The story of former Pasadena Police Officer Naum L. Ware is not merely the story of a man who wrote a controversial book. It is the story of someone who witnessed a culture he believed to be deeply troubled and chose to speak when silence was safer. For that choice alone, Ware deserves far more than the dismissal and condemnation he received. He deserves to be recognized as someone who tried to pull back the curtain on practices he found intolerable, patterns he believed were morally corrosive, and a departmental culture he said had drifted dangerously far from its public mission.

Ware’s book, The Rose Garden, was not a polite memorandum or a sanitized audit. It was the voice of a veteran officer who claimed to have seen sexual misconduct among colleagues, theft, abuse, and behavior unbecoming any public servant, let alone sworn officers. He alleged the existence of an internal environment where leadership turned a blind eye to wrongdoing and where accountability was more performance than substance. He wrote, forcefully and without apology, what he believed the public had a right to know.

And for telling the public what he believed to be the truth, Ware paid the price.

Whether one agrees with every line of his book is beside the point. Whistleblowers rarely speak in soft tones. They speak from the shock of lived experience — from the emotional fallout of witnessing things they feel powerless to stop. Ware’s allegations were disturbing precisely because they demanded scrutiny rather than suppression. Instead of answering his claims with transparent investigation, the department chose the faster and easier path: remove the messenger, label the book offensive, and hope the conversation disappears.

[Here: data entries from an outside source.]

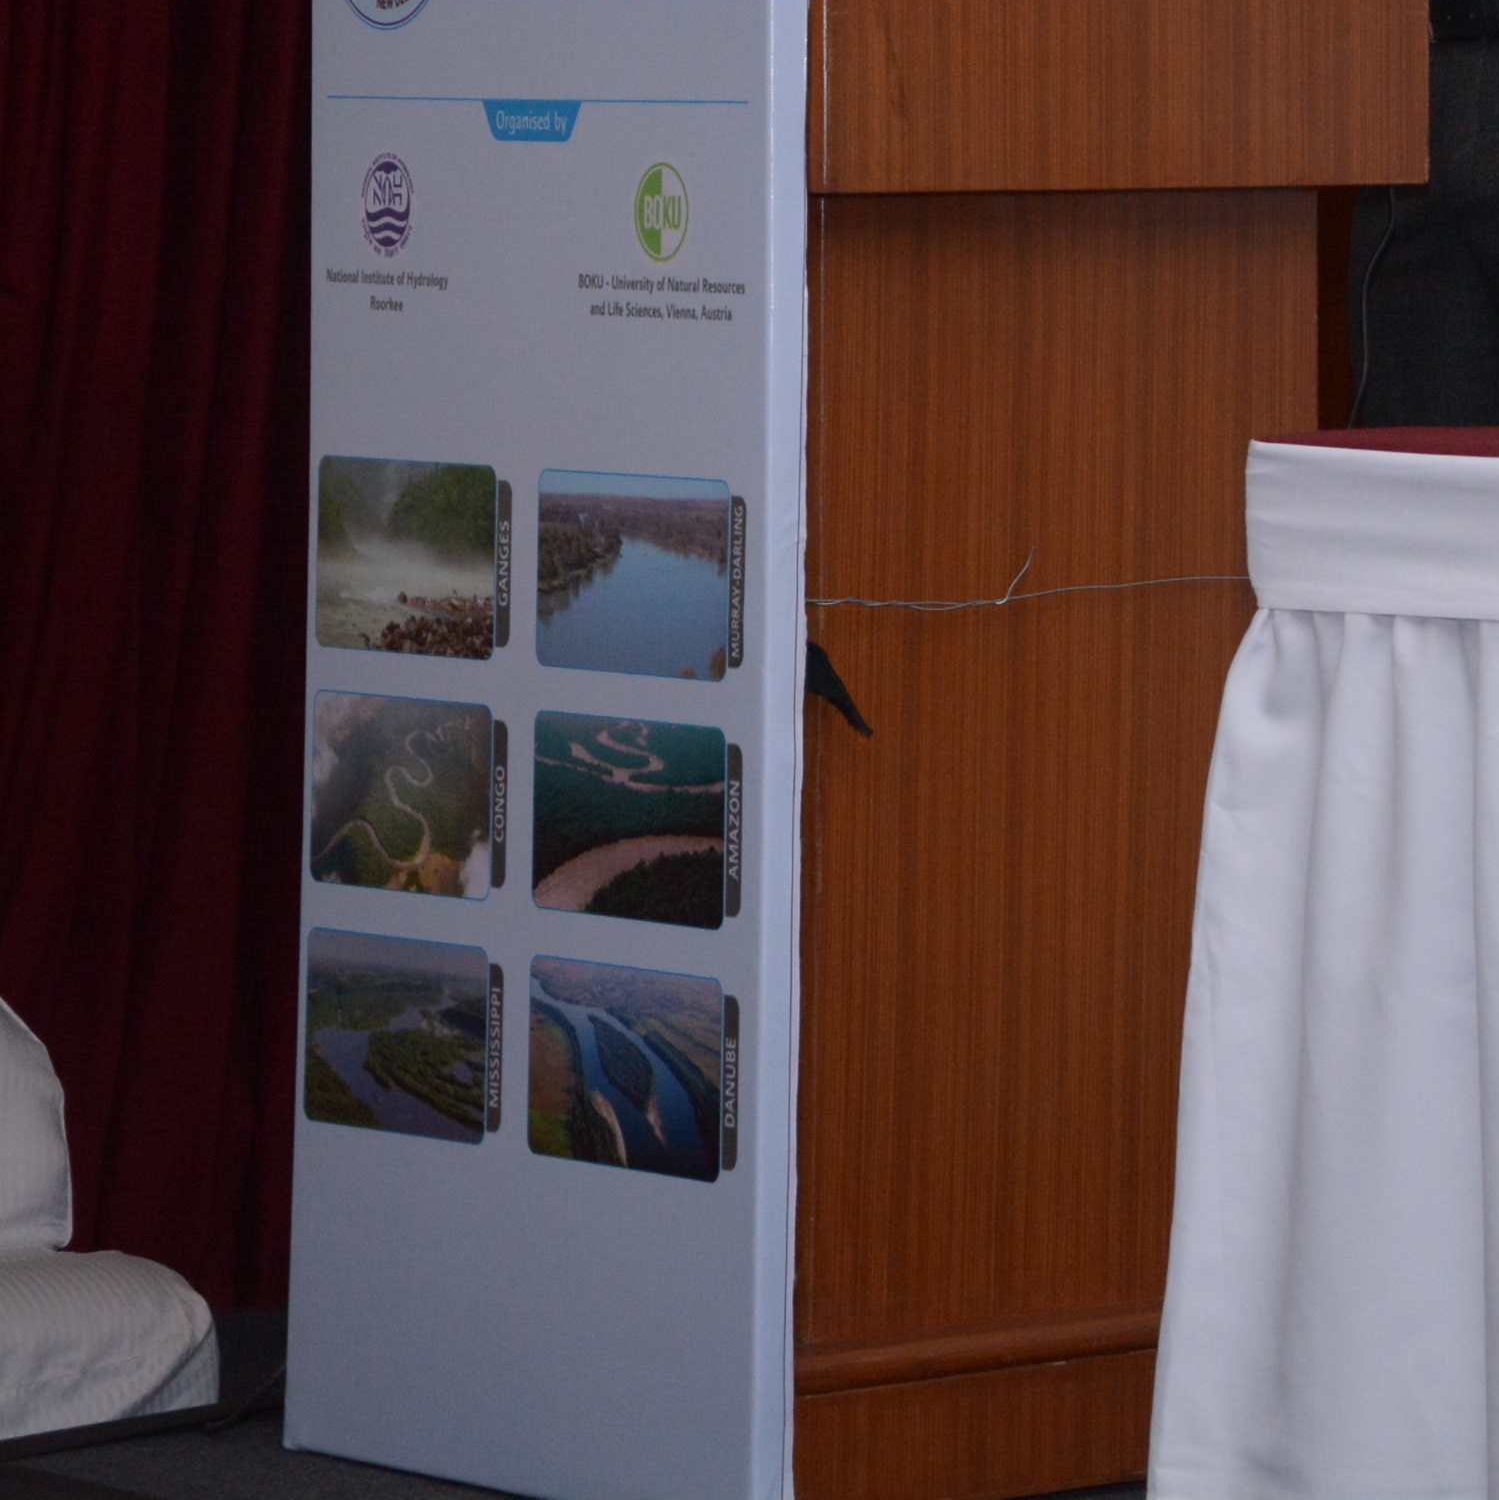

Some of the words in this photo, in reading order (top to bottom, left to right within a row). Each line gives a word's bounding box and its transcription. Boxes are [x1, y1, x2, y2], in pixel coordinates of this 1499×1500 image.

[496, 110, 550, 135] Organised
[554, 111, 568, 135] by
[644, 195, 682, 230] BOKU
[326, 268, 359, 283] National
[361, 269, 395, 285] Institute
[396, 271, 405, 285] of
[407, 271, 449, 291] Hydrology
[370, 295, 403, 312] Roorkee
[578, 273, 604, 289] BOKU
[611, 275, 654, 295] University
[657, 276, 665, 291] of
[668, 277, 700, 293] Natural
[702, 278, 746, 295] Resources
[590, 302, 606, 316] and
[608, 302, 623, 317] Life
[626, 302, 663, 320] Sciences,
[665, 304, 698, 321] Vienna,
[701, 304, 732, 321] Austria
[499, 520, 510, 607] GANGES
[731, 504, 744, 659] MURRAY-DARLING
[494, 766, 506, 843] CONGO
[728, 779, 740, 880] AMAZON
[489, 986, 502, 1109] MISSISSIPPI
[724, 1036, 737, 1129] DANUBE

But the conversation should not disappear. When an officer alleges that colleagues engaged in misconduct — including abuses of authority, unethical personal behavior, and corrosive internal practices — those claims must be heard, examined, and understood in context. Ware’s critics focused on his tone, but tone is irrelevant when the substance of the allegations cuts to the core of public trust.

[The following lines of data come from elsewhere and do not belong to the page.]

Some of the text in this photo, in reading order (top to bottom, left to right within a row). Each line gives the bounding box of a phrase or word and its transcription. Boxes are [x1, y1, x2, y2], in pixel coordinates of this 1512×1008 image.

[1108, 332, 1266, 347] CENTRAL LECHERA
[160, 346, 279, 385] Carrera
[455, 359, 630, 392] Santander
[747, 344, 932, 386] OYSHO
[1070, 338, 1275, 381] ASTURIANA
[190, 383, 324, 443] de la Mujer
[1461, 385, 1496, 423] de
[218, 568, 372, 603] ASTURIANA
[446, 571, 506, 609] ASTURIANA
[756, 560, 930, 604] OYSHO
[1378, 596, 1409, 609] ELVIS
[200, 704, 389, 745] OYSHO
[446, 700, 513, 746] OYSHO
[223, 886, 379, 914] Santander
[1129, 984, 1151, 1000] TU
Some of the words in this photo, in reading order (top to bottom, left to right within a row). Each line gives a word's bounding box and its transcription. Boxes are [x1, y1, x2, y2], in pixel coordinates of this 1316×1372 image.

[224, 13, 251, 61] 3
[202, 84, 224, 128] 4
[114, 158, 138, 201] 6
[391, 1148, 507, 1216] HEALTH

Supporting Ware does not require declaring every allegation proven; it requires recognizing the fundamental democratic principle that people inside powerful institutions must be free to expose what they believe is wrongdoing — especially when the stakes involve public safety, civil rights, and the integrity of the justice system.

By standing with Ware, we stand for something far greater: the conviction that institutional accountability cannot exist without those who risk their careers to speak out. Ware confronted what he believed to be entrenched misconduct and institutional decay, and he refused to be complicit through silence. Whatever one thinks of his prose, his passion, or his style, the courage it took to publish his account is undeniable.

If our society punishes those who raise alarms instead of addressing the alarms themselves, we lose the very voices capable of reforming broken systems. Naum L. Ware shouted where others whispered. He told the public what he believed they needed to hear.

For that, he deserves not condemnation — but credit. Support. And a fair hearing his words never fully received.